An open-air exhibition in Prishtina commemorates the 27th anniversary of NATO’s military intervention to end the Kosovo war and the ethnic cleansing of ethnic Albanians.

An exhibition entitled “Massacres in Kosovo 1998-1999” opened at Mother Teresa Square in Prishtina on Tuesday as Kosovo marked 27 years since NATO launched its air campaign against Yugoslavia on March 24, 1999.

The exhibition showcases in chronological order 49 massacres committed during the 1998-99 war, displaying statistics, images and quotes from survivors, presenting visual evidence of war crimes.

Exhibition in Prishtina city centre about Kosovo wartime massacres. Photo: BIRN/Jetmir Hoxha.

Its timeline runs from the massacre in Likoshan-Qirez on February 28, 1998 to the massacre of the Bala family on June 12, 1999 – the day when Yugoslav forces started to withdraw from Kosovo following an agreement signed with NATO to end the alliance’s 78-day bombing campaign.

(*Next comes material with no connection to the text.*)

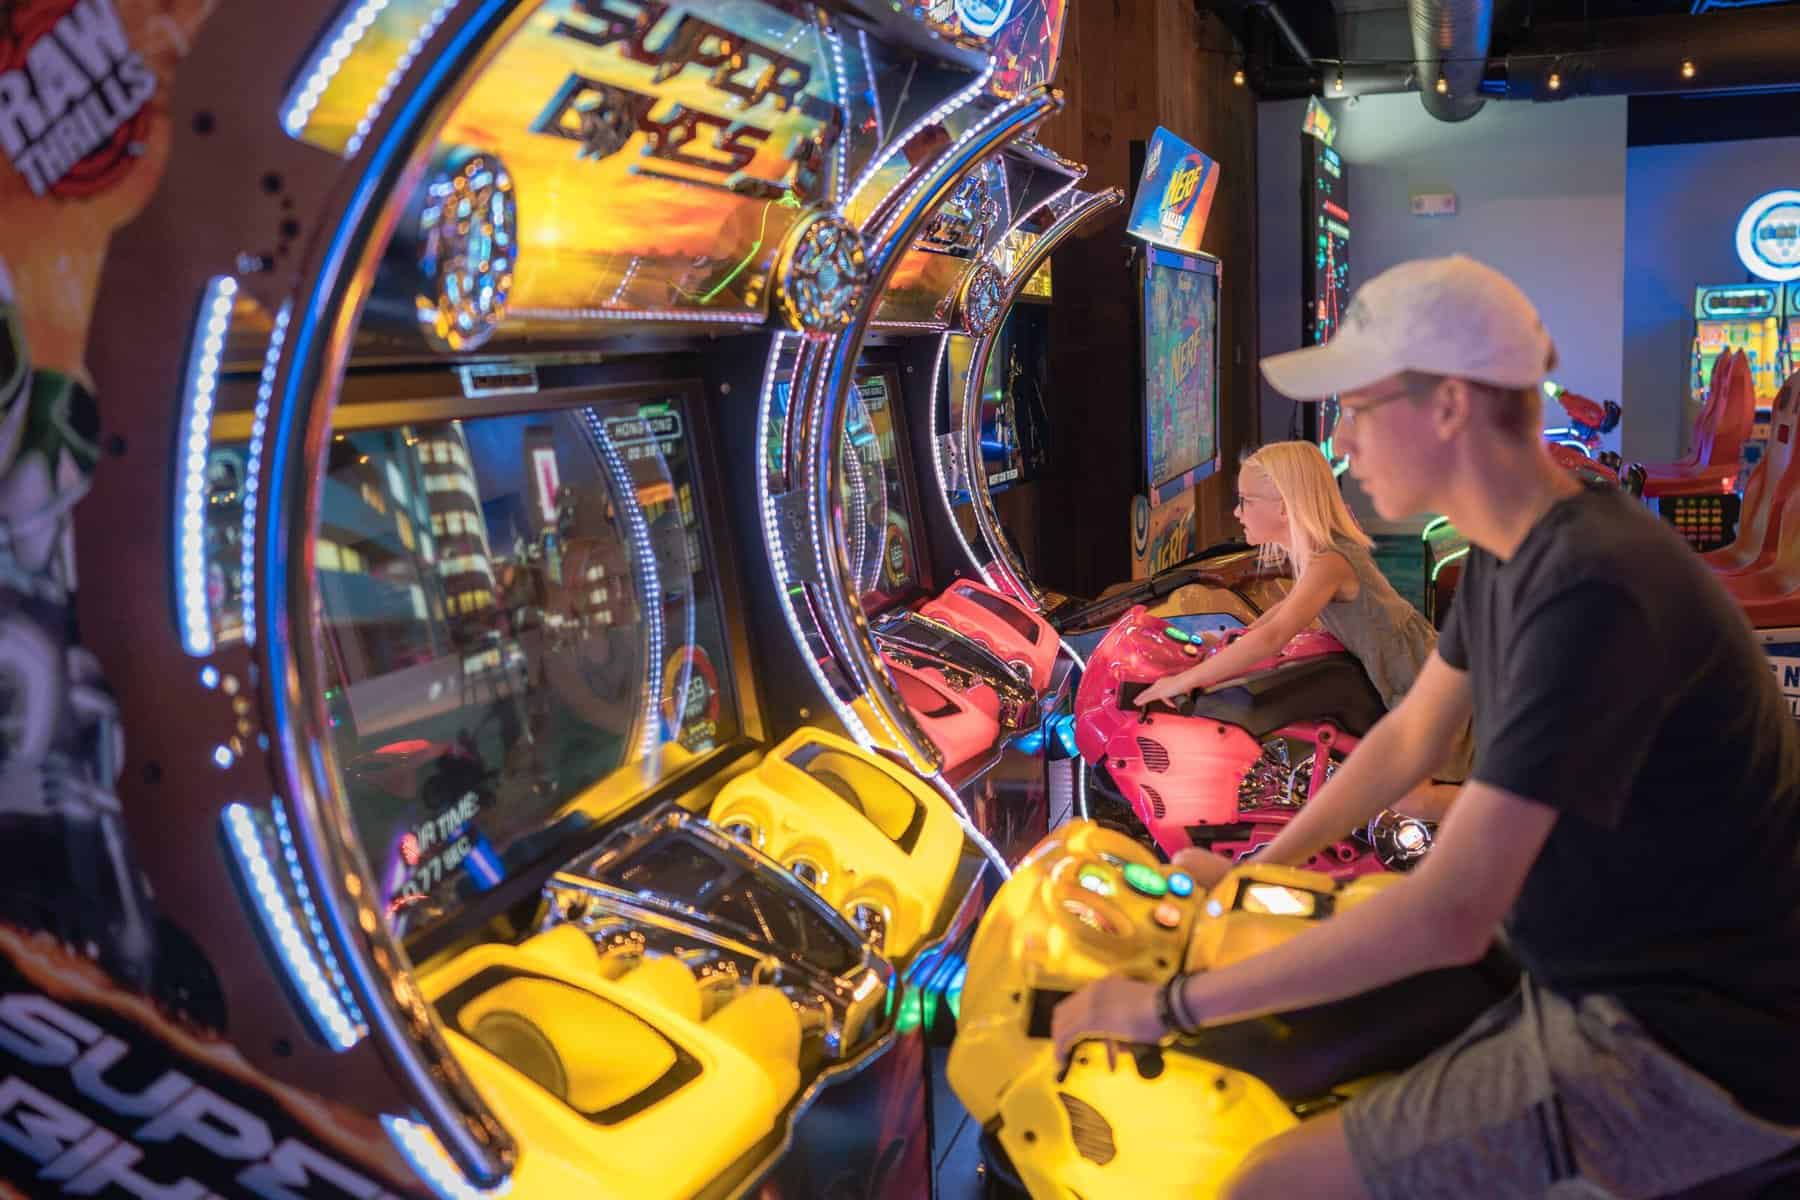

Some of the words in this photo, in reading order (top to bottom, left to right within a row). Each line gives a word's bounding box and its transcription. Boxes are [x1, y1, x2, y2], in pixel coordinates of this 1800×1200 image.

At the exhibition, parliament speaker Albulena Haxhiu said that “NATO’s intervention changed the course of Kosovo’s history.

Photo: BIRN/Jetmir Hoxha.

“The country’s liberation was achieved through the combined efforts of the Kosovo Liberation Army and NATO,” she added.

The exhibition, which will be open until April 7, is based on a 2024 publication by the Admovere and Integra NGOs.

To mark the anniversary, political leaders in Kosovo also released statements hailing the NATO intervention.

“NATO acted. Kosovo does not forget. Alliances that protect freedom must be preserved just as much as freedom itself,” President Vjosa Osmani wrote on Facebook.

Her message was accompanied by footage of then US President Bill Clinton announcing the start of the bombing campaign.

Photo: BIRN/Jetmir Hoxha.

Prime Minister Albin Kurti wrote on Facebook that the crimes committed during the war “prompted the largest military alliance in history, NATO, to take action and intervene militarily in order to halt genocide, ethnic cleansing and other state-sponsored crimes carried out by Serbia against Albanians in Kosovo”.

The NATO airstrikes followed the collapse of peace talks, as the Western military alliance decided to strike targets in Serbia and across what was then Yugoslavia.

Photo: BIRN/Jetmir Hoxha.

According to the watchdog organisation Human Rights Watch and the Humanitarian Law Centre NGO, about 13,000 people were killed during the war in Kosovo. Most of them were ethnic Albanians, while around 1,600 people remain missing.

To mark the anniversary of the NATO air campaign in Serbia, state officials and civilian and military representatives laid flowers at monuments across the country dedicated to Serbs killed during the bombing.